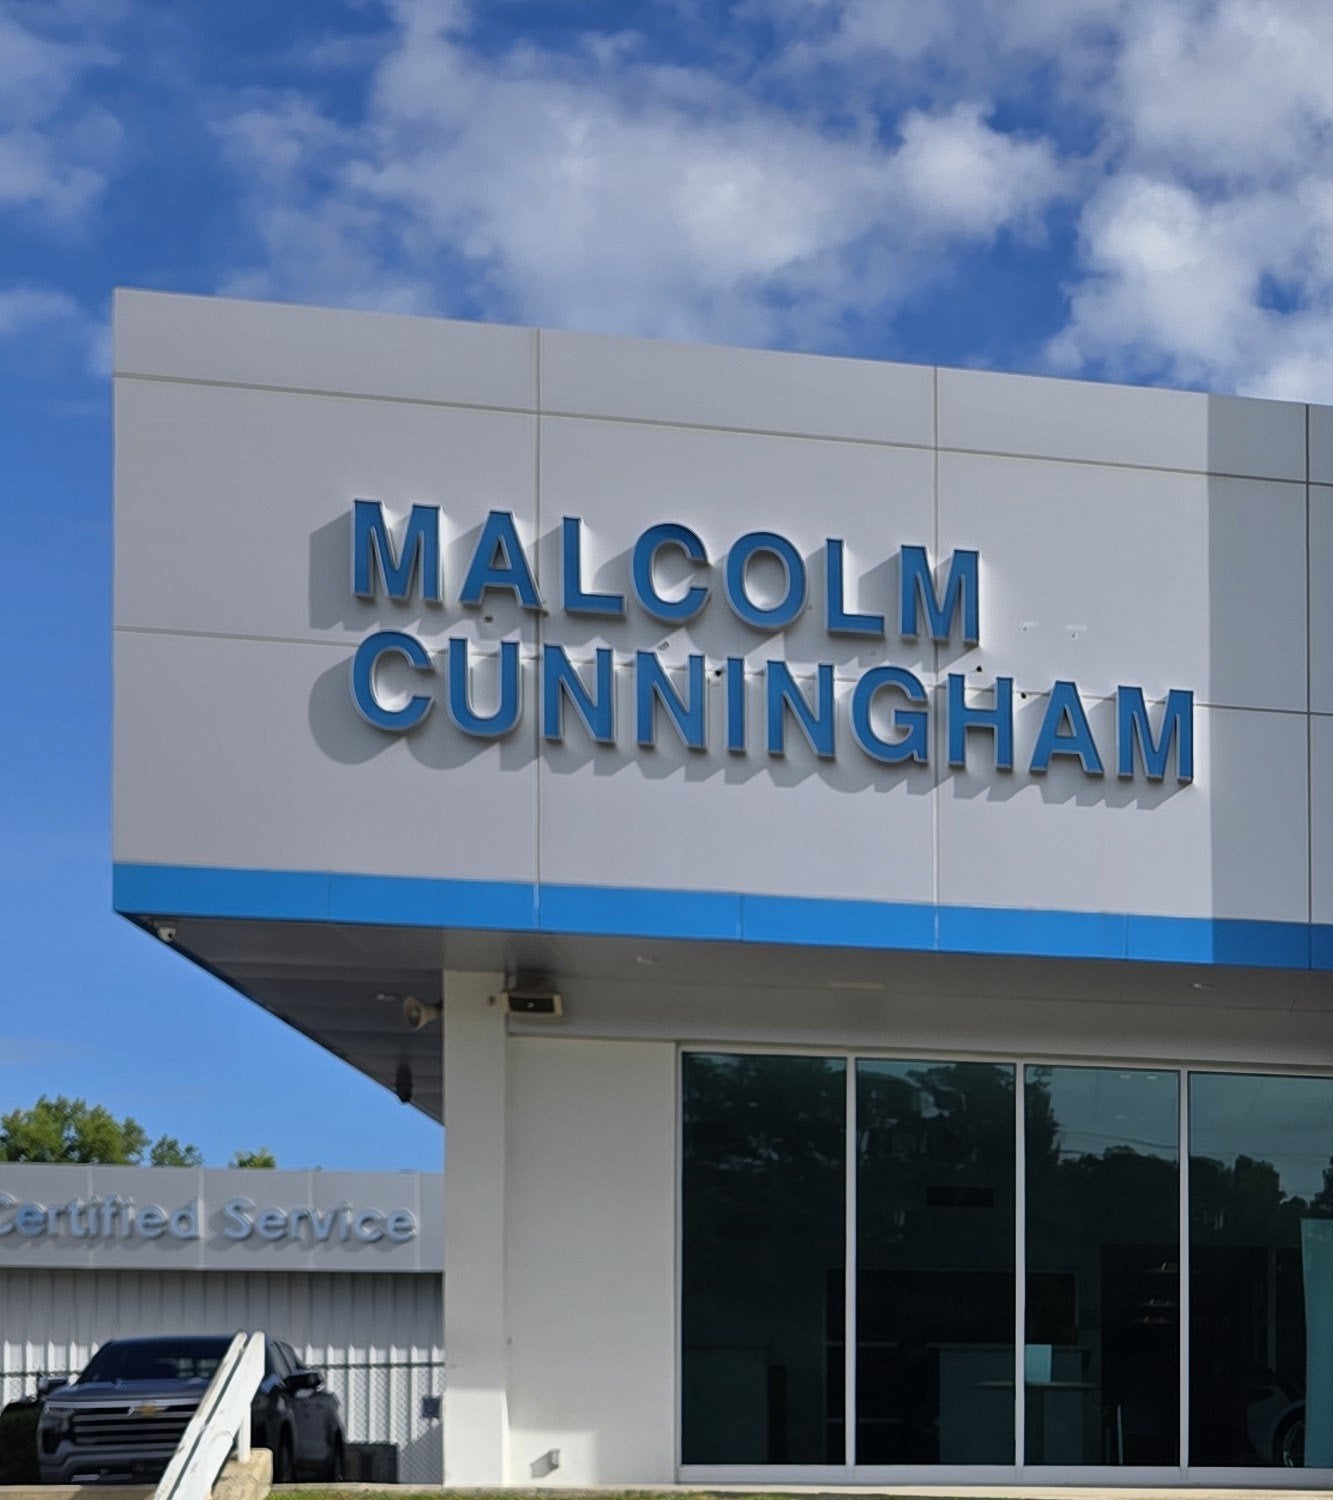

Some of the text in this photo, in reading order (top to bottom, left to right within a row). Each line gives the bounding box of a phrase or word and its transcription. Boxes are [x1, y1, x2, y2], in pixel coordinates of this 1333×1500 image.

[351, 498, 979, 646] MALCOLM
[351, 628, 1194, 784] CUNNINGHAM
[222, 1197, 417, 1242] Service
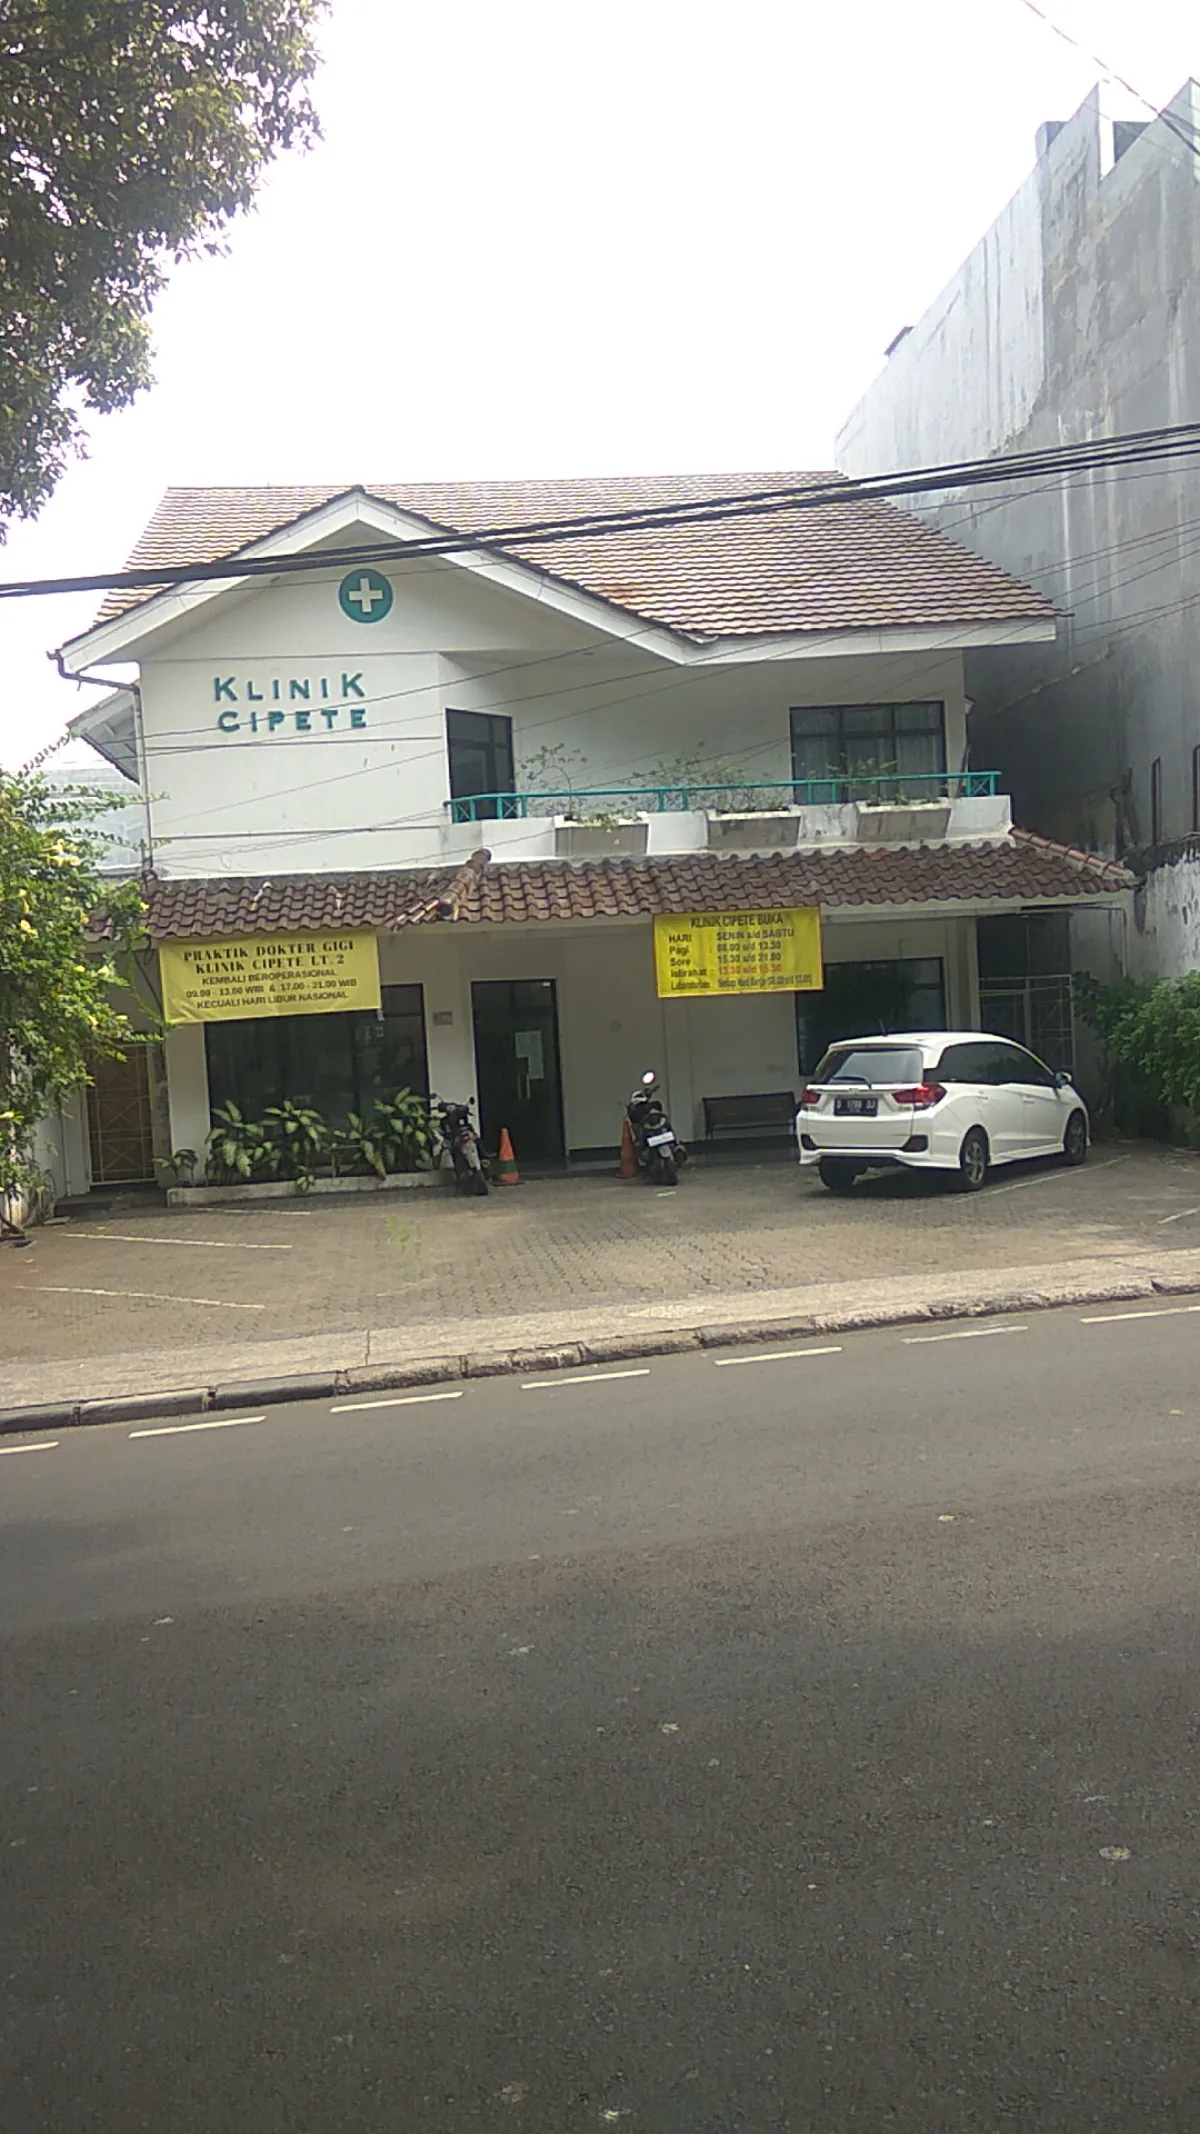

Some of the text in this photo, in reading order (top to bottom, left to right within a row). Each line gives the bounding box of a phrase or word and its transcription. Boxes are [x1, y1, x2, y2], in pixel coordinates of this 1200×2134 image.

[213, 672, 366, 702] KLINIK
[217, 708, 367, 733] CIPETE
[690, 912, 784, 929] KLINIK CIPETE BUKA
[668, 933, 692, 943] HARI
[716, 931, 745, 941] SENIN
[762, 928, 795, 939] SABTU
[183, 940, 354, 962] PRAKTIK DOKTER GIGI
[669, 945, 689, 957] Pagi
[195, 961, 245, 975] KLINIK
[252, 957, 304, 970] CIPETE
[336, 954, 345, 965] 2
[670, 957, 691, 967] Sore
[202, 968, 337, 986] KEMBALI BEROPERASIONAL
[244, 985, 264, 994] WIB
[338, 978, 357, 987] WIB
[197, 998, 240, 1009] KECUALI
[268, 994, 297, 1004] LIBUR
[298, 991, 349, 1001] NASIONAL

....

PROBLEM TO SOLVE: Nothing in the records should be changed in the copy, but the pictures must be left out.

RESULT OF THIS TASK:
Some of the text in this photo, in reading order (top to bottom, left to right within a row). Each line gives the bounding box of a phrase or word and its transcription. Boxes are [x1, y1, x2, y2], in pixel coordinates of this 1333×1500 image.

[351, 498, 979, 646] MALCOLM
[351, 628, 1194, 784] CUNNINGHAM
[222, 1197, 417, 1242] Service

Some of the text in this photo, in reading order (top to bottom, left to right within a row). Each line gives the bounding box of a phrase or word and its transcription. Boxes are [x1, y1, x2, y2], in pixel coordinates of this 1200×2134 image.

[213, 672, 366, 702] KLINIK
[217, 708, 367, 733] CIPETE
[690, 912, 784, 929] KLINIK CIPETE BUKA
[668, 933, 692, 943] HARI
[716, 931, 745, 941] SENIN
[762, 928, 795, 939] SABTU
[183, 940, 354, 962] PRAKTIK DOKTER GIGI
[669, 945, 689, 957] Pagi
[195, 961, 245, 975] KLINIK
[252, 957, 304, 970] CIPETE
[336, 954, 345, 965] 2
[670, 957, 691, 967] Sore
[202, 968, 337, 986] KEMBALI BEROPERASIONAL
[244, 985, 264, 994] WIB
[338, 978, 357, 987] WIB
[197, 998, 240, 1009] KECUALI
[268, 994, 297, 1004] LIBUR
[298, 991, 349, 1001] NASIONAL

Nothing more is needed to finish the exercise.